For a continued stay review request, the provider will need to submit demographic information, as well as the following:

  • Locality code confirmation;
  • DSM Diagnosis;
  • Confirmation that the Comprehensive Treatment and Service Plan is completed timely;
  • Confirmation that continued TFC-CM is needed to meet the child’s needs;
  • Confirmation on face-to-face visits;
  • A description of the individual’s behaviors that both support the need for this level of care and correlate to the CANS scores, and;
  • The CANS scores and completion date. The completion date for the CANS must be current within 90 calendar days. 

 

If the individual has been in placement for more than 45 calendar days, the information required to be submitted will include both the initial review and continued stay review information noted above.

 

An authorization for TFC-CM will be for a single unit for each month. Only one provider is eligible for authorization and payment for each month. If an individual is discharged during an authorized period, notify the FFS contractor of the discharge date. If an approval is for a full month, but the discharge date is mid-month, the FFS contractor will not change the authorization for that month, only for subsequent months, since only one unit is authorized for each month, and only one provider can bill for that unit. If a new provider begins service mid-month, and the previous provider already has authorization for the month, the new provider’s authorization will begin on the first of the next month.

 

A notice of discharge must be sent to the FFS contractor within one week of the discharge date.

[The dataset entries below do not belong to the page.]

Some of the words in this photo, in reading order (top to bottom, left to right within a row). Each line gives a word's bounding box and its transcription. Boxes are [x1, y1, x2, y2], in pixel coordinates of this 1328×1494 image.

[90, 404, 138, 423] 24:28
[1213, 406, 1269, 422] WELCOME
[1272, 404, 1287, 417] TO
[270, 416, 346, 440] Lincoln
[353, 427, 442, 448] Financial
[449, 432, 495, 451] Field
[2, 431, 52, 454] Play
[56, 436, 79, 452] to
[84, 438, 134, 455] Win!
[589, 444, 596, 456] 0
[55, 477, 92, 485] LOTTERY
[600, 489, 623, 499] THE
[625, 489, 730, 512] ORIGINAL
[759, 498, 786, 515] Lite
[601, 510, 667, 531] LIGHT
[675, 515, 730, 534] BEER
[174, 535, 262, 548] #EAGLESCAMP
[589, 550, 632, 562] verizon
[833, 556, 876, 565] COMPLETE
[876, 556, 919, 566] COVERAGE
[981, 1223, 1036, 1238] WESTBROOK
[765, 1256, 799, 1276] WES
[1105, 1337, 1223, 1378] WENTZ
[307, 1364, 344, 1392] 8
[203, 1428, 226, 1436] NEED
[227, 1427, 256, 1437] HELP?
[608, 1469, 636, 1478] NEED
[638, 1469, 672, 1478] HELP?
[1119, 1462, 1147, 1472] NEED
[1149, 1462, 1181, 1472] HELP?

Qualified Medicare Beneficiaries (QMBs) - Coverage Limitations

Qualified Medicare Beneficiaries (QMBs) are only eligible for Medicaid coverage of Medicare premiums and of deductible and co-insurance up to the Medicaid payment limit less the member’s co-payment on allowed charges for all Medicare-covered services.  Their Medicaid verification will provide the message “QUALIFIED MEDICARE BENEFICIARY-QMB-MEDICAID PAYMENT LIMITED TO MEDICARE CO-INSURANCE AND DEDUCTIBLE.”  The Medicare co-insurance is limited to the Medicaid fee when combined with the Medicare payment.

 

Providers under contract with the MMP should contact the MMP directly for more information. 

Qualified Medicare Beneficiaries (QMBs)- Extended Coverage Limitations (MHS)

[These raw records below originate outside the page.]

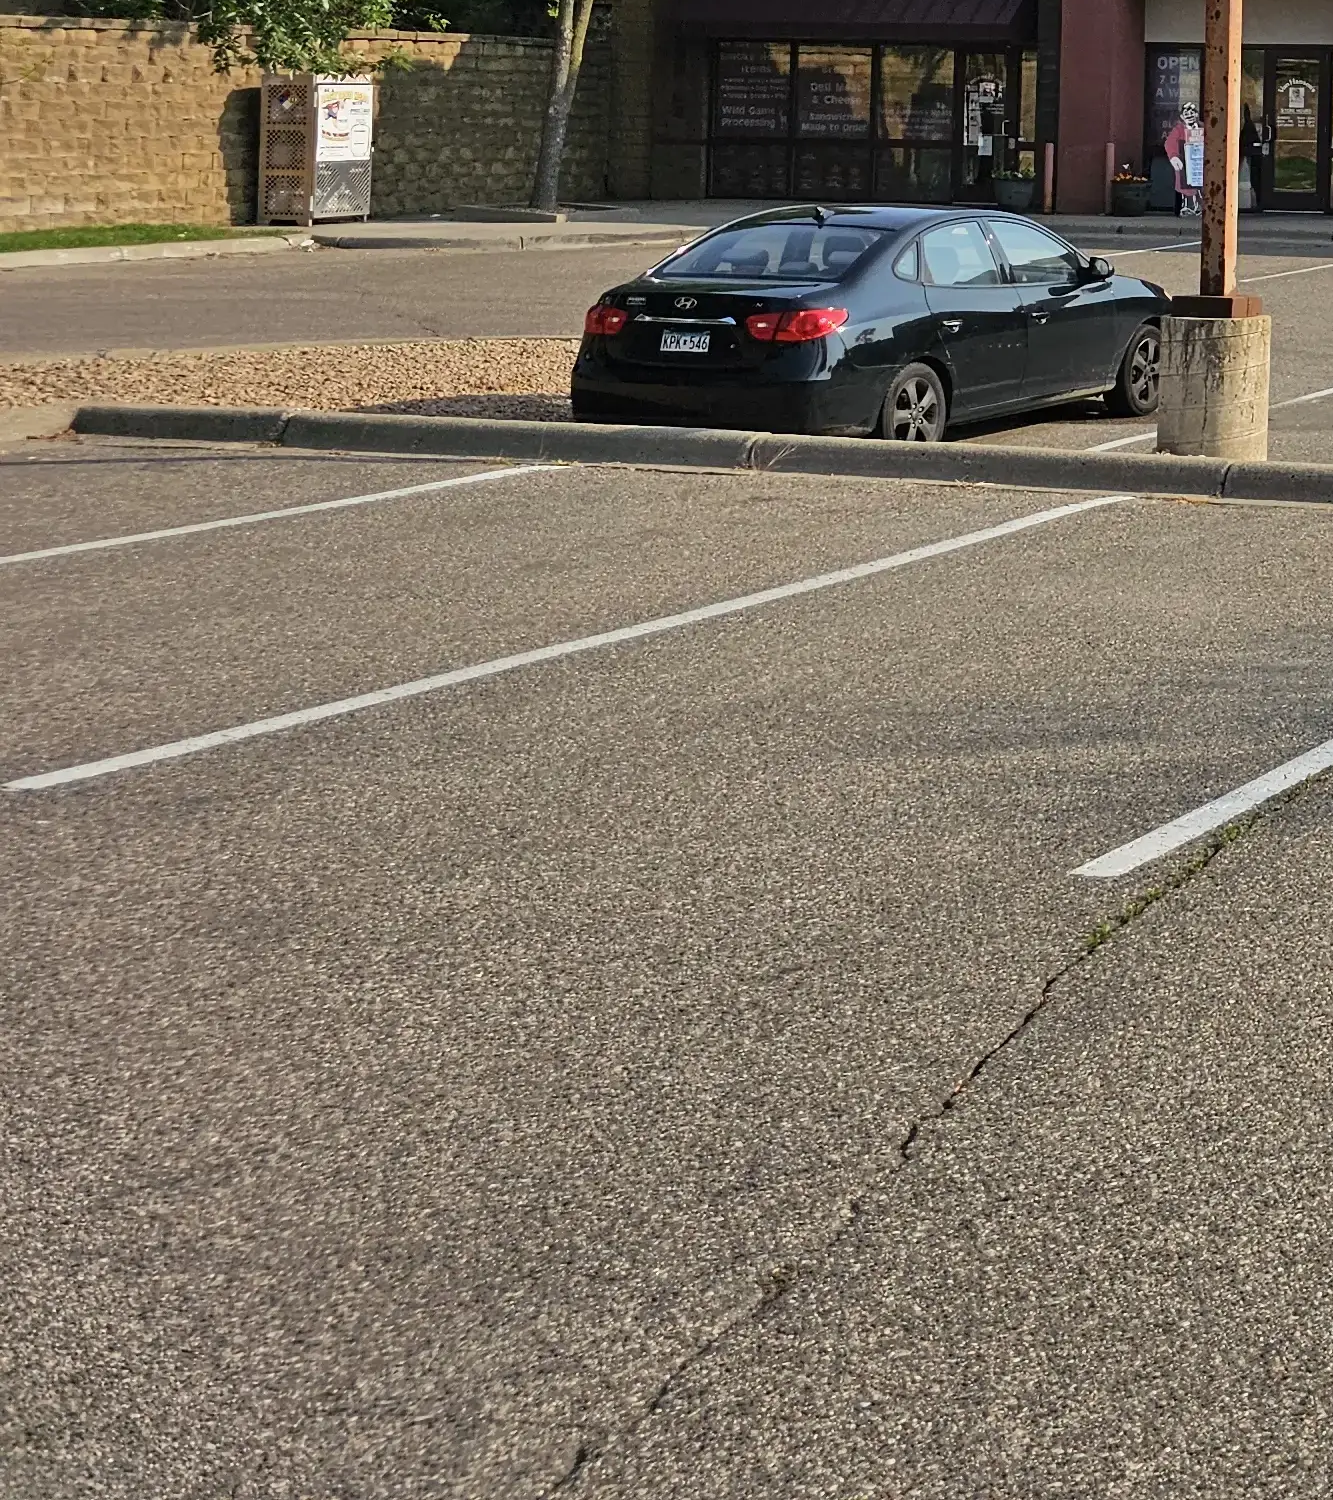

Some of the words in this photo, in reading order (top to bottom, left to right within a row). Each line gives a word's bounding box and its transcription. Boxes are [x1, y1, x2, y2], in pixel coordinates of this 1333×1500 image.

[1157, 56, 1200, 71] OPEN
[1159, 75, 1166, 85] 7
[810, 81, 832, 93] Deli
[1155, 87, 1164, 98] A
[721, 104, 746, 115] Wild
[748, 105, 776, 116] Game
[720, 117, 776, 130] Processing
[801, 122, 827, 132] Made
[830, 123, 840, 132] to
[843, 123, 868, 133] Order
[661, 334, 683, 350] KPK
[689, 335, 709, 351] 546

Members in this group will be eligible for Medicaid coverage of Medicare premiums and of deductibles, co-pays and co-insurance up to the Medicaid payment limit on allowed charges for all Medicare-covered services plus coverage of all other Medicaid-covered services listed in Chapter I of this manual.  Their Medicaid verification will provide the message “QUALIFIED MEDICARE BENEFICIARY-QMB EXTENDED.”  These individuals are responsible for co-pay for pharmacy services, health department clinic visits, and vision services.